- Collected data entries

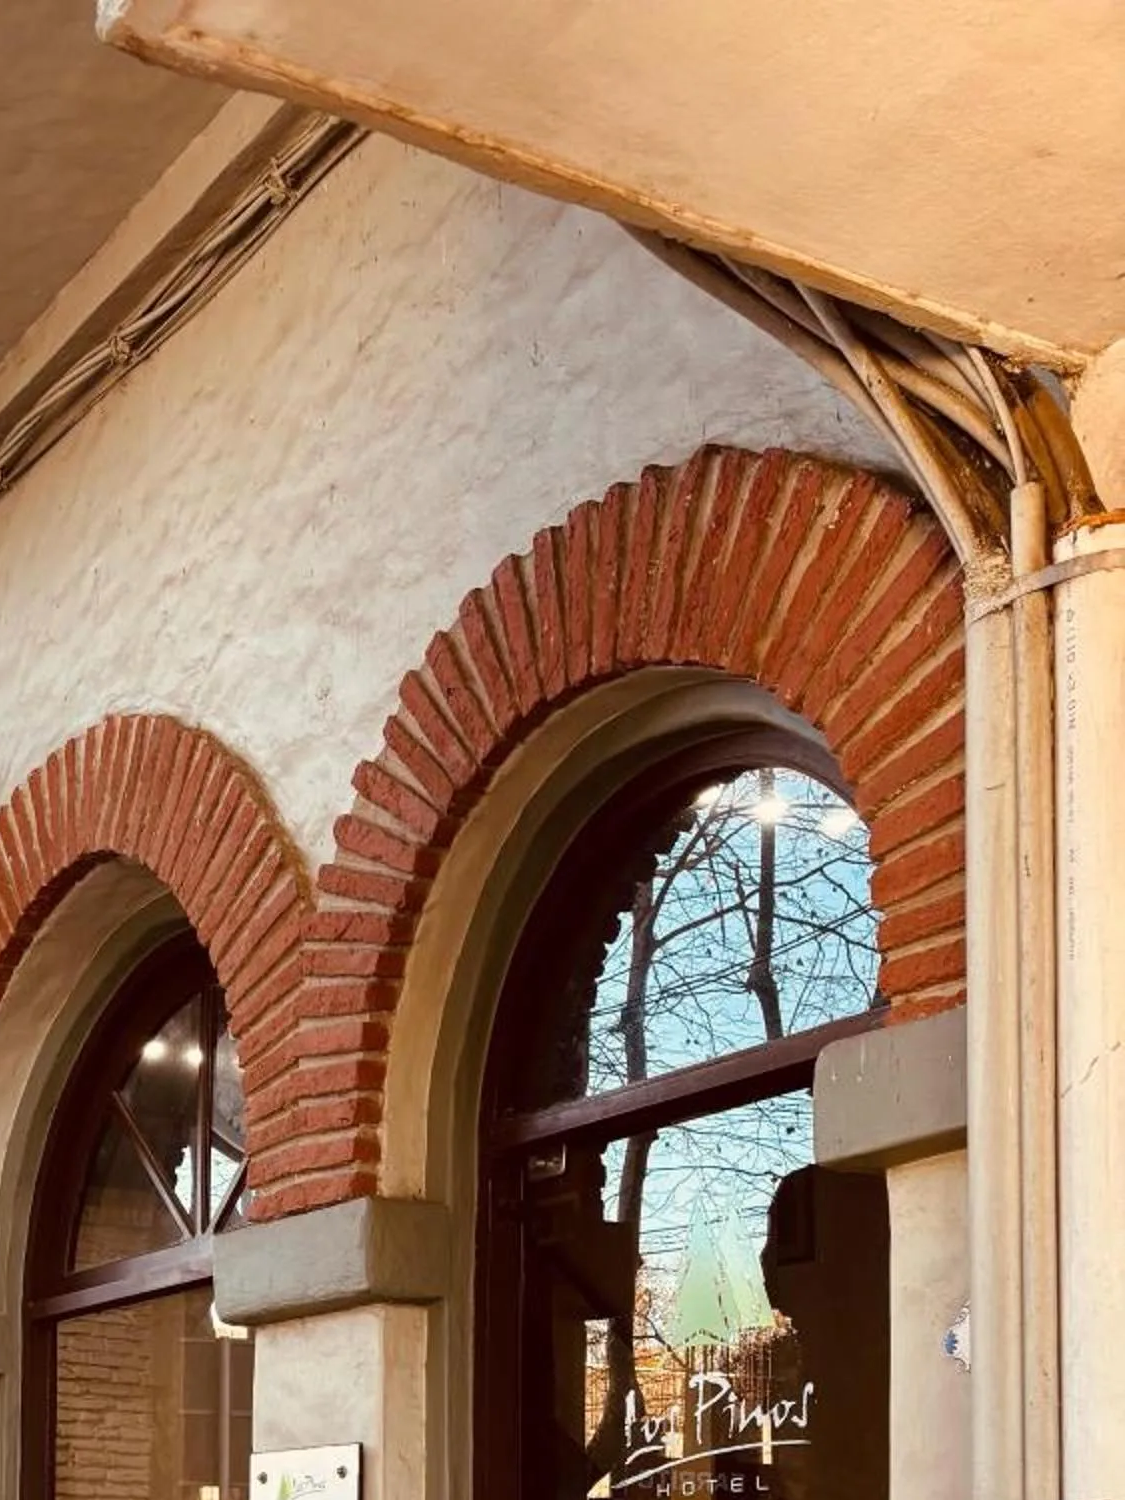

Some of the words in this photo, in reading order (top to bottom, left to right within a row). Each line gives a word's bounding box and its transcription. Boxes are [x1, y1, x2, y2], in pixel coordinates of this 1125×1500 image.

[624, 1389, 681, 1464] Los
[689, 1372, 814, 1445] Pinos
[656, 1475, 770, 1497] HOTEL
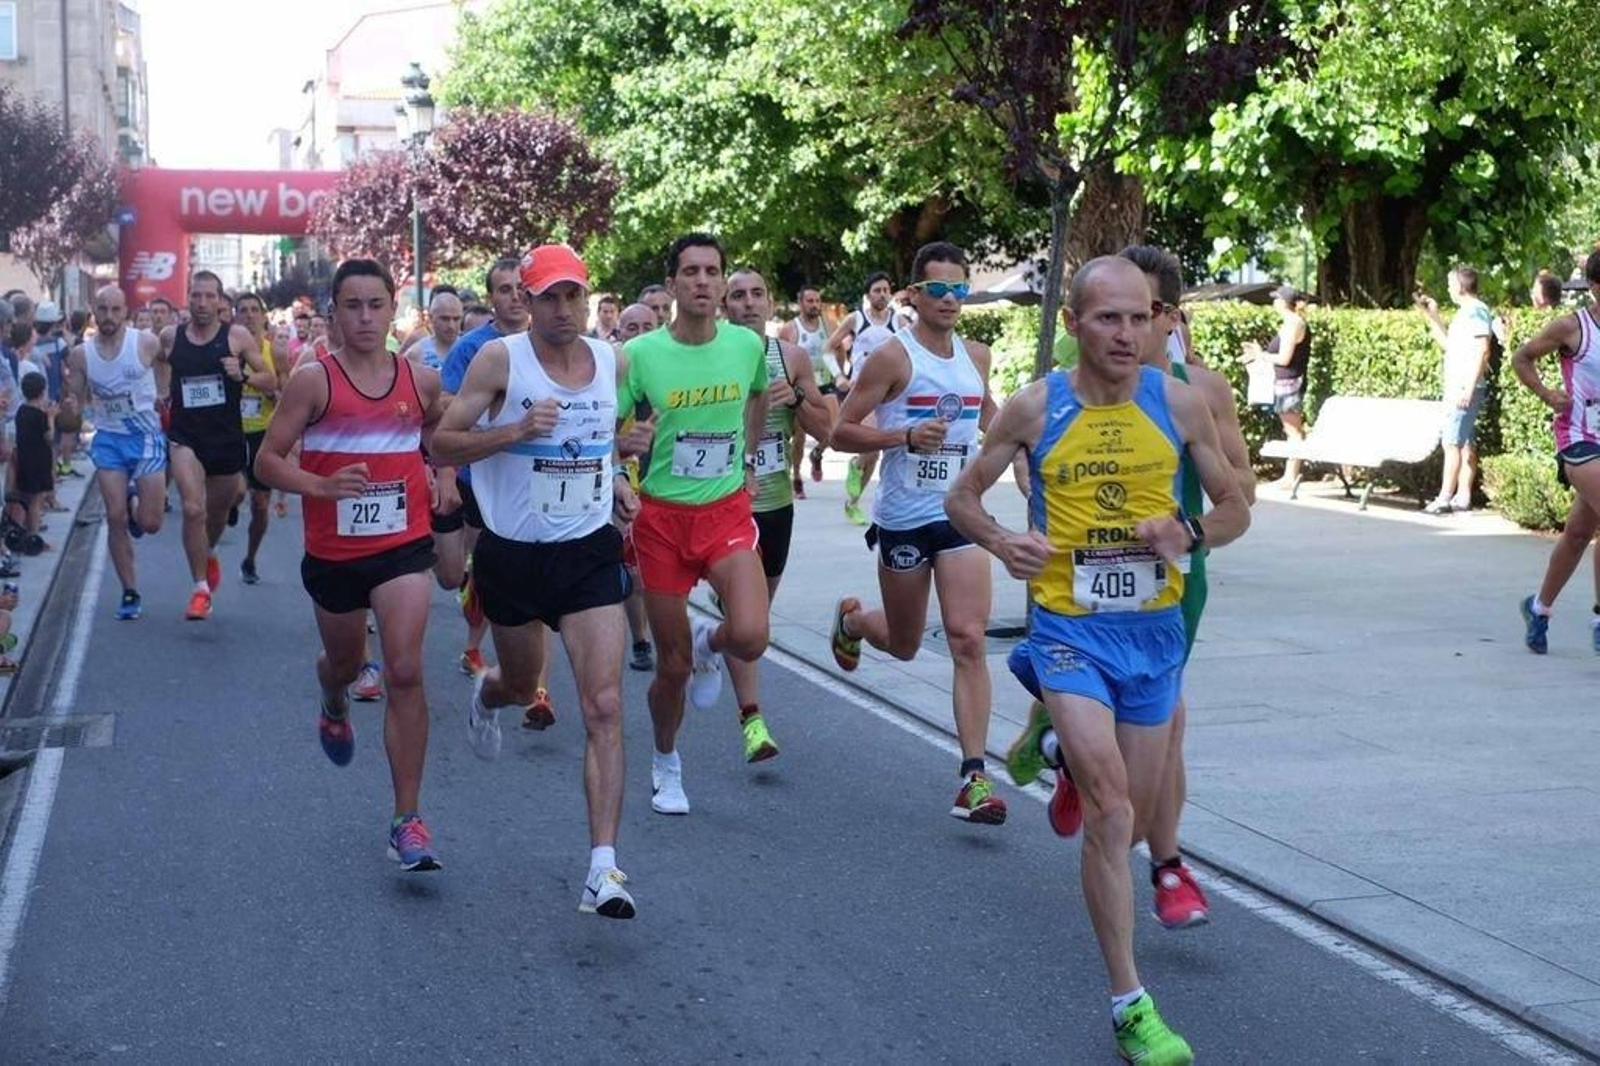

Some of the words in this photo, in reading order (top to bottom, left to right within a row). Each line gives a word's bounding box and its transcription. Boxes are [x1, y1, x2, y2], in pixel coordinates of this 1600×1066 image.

[180, 186, 267, 217] new
[695, 449, 706, 467] 2
[917, 460, 948, 480] 356
[1074, 460, 1119, 483] poio
[560, 480, 566, 502] 1
[352, 502, 380, 524] 212
[1091, 571, 1135, 598] 409
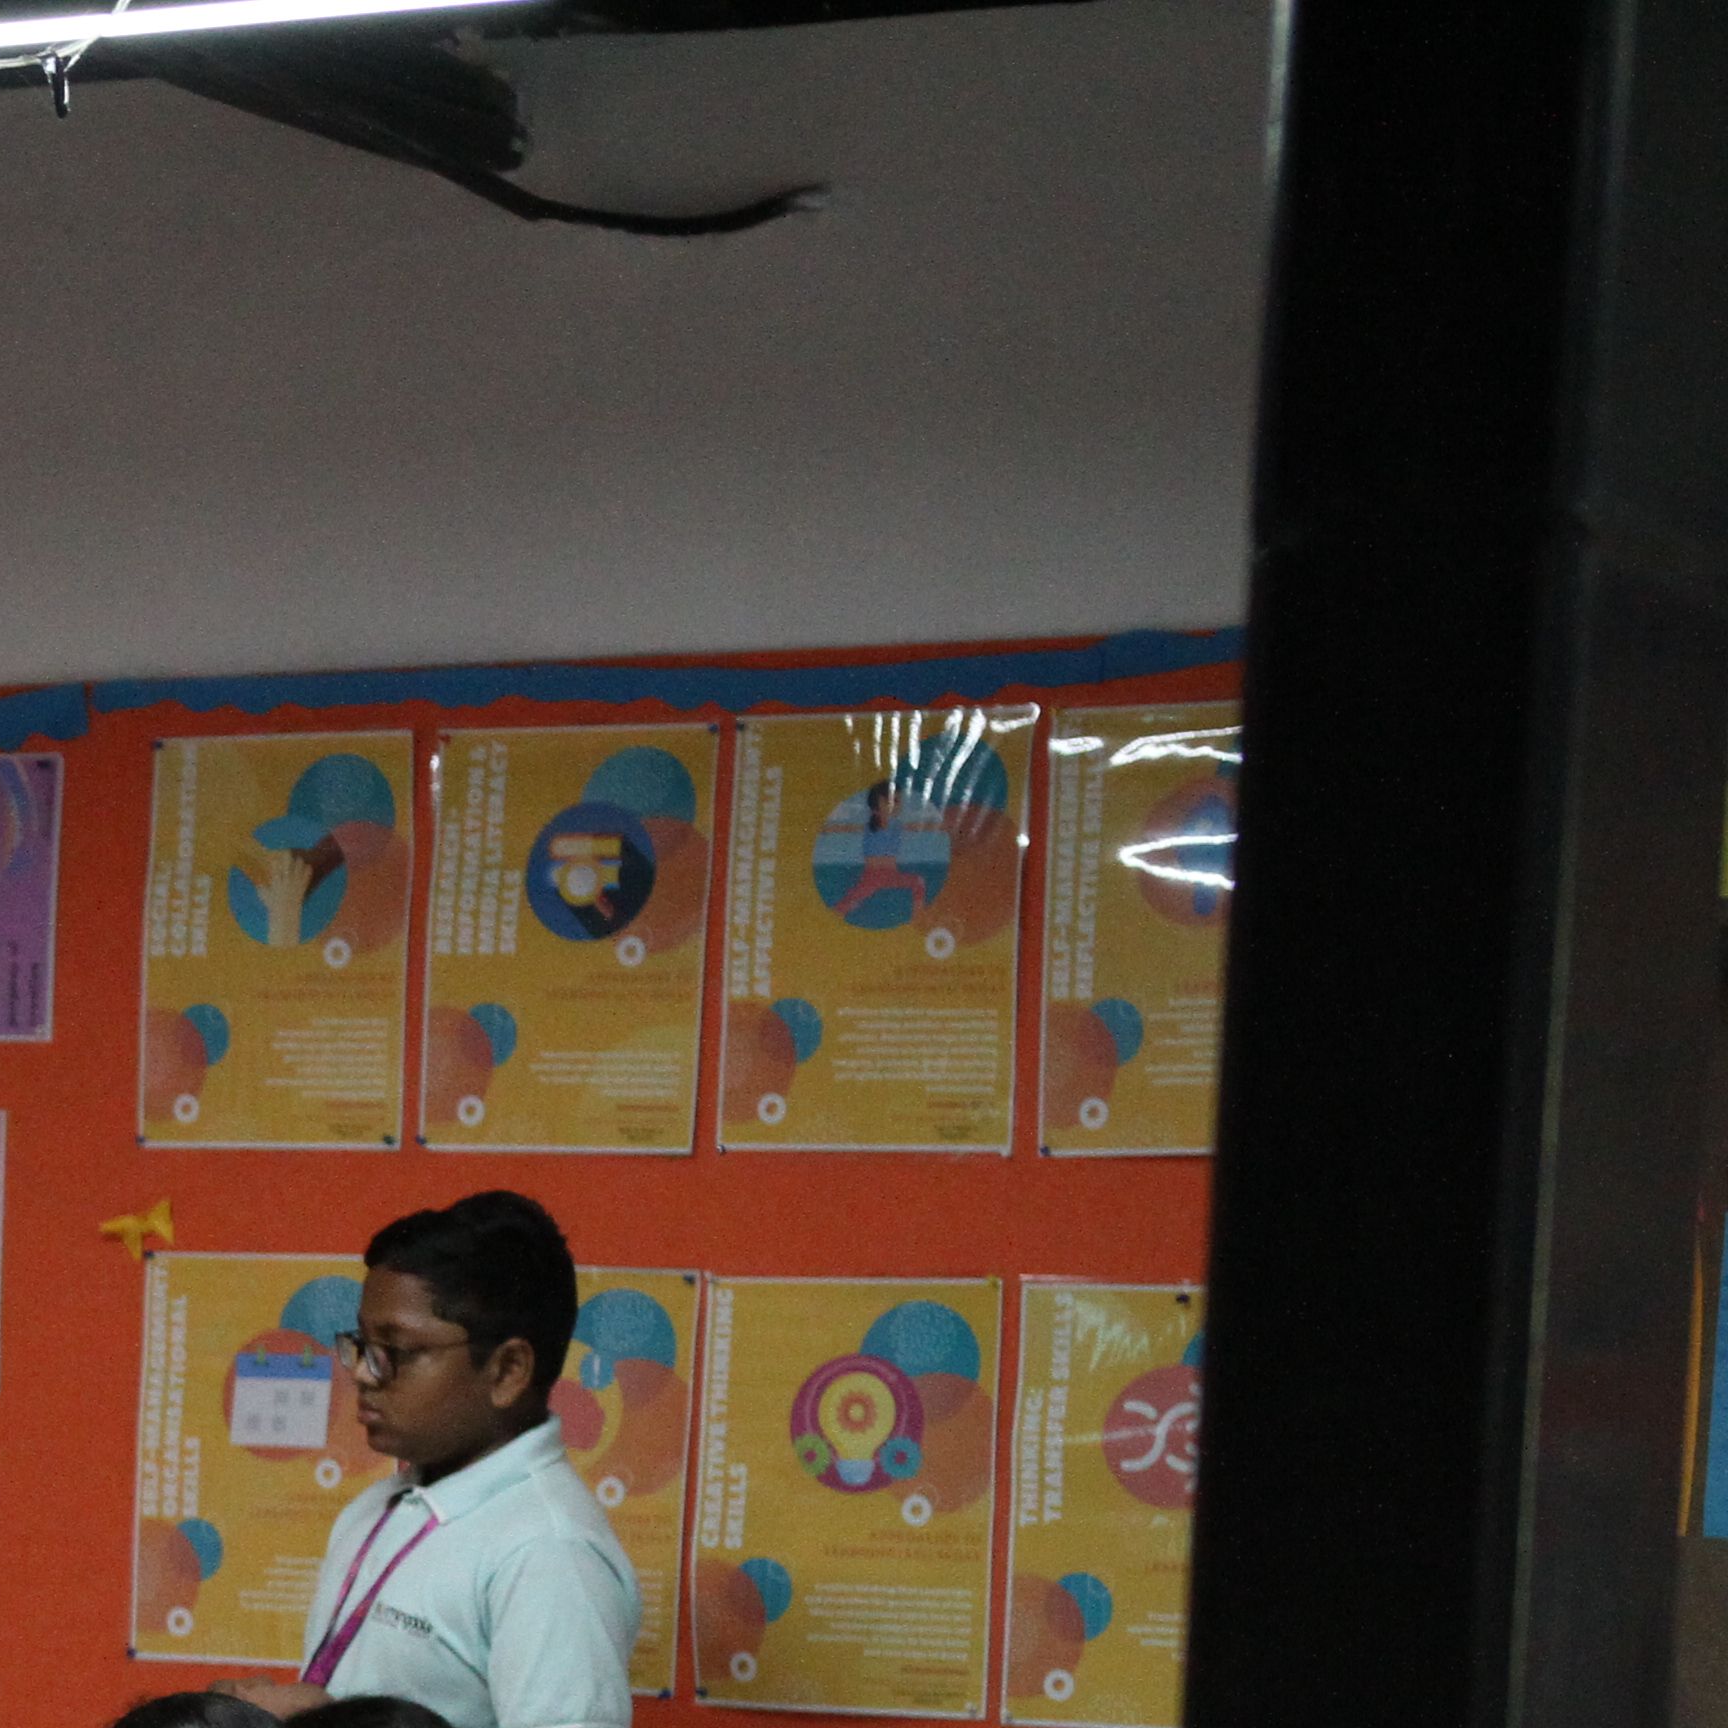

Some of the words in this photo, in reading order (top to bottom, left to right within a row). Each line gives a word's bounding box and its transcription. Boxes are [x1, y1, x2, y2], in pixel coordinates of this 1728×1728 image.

- THE TASK
An exact copy of all the entries is required, and it must contain no pictures.

- EXPECTED OUTPUT
Some of the words in this photo, in reading order (top to bottom, left to right within a row). Each line gives a word's bounding box and its transcription. Boxes are [x1, y1, x2, y2], in pixel coordinates of this 1125×1500 image.

[624, 1389, 681, 1464] Los
[689, 1372, 814, 1445] Pinos
[656, 1475, 770, 1497] HOTEL

Some of the words in this photo, in reading order (top to bottom, left to right within a row). Each line gives a word's bounding box and its transcription. Boxes are [x1, y1, x2, y2], in pixel coordinates of this 1600×1066 image.

[180, 186, 267, 217] new
[695, 449, 706, 467] 2
[917, 460, 948, 480] 356
[1074, 460, 1119, 483] poio
[560, 480, 566, 502] 1
[352, 502, 380, 524] 212
[1091, 571, 1135, 598] 409

Some of the words in this photo, in reading order (top to bottom, left to right within a row). Each line gives a word's bounding box and its transcription. Boxes are [x1, y1, x2, y2], in pixel coordinates of this 1728×1728 image.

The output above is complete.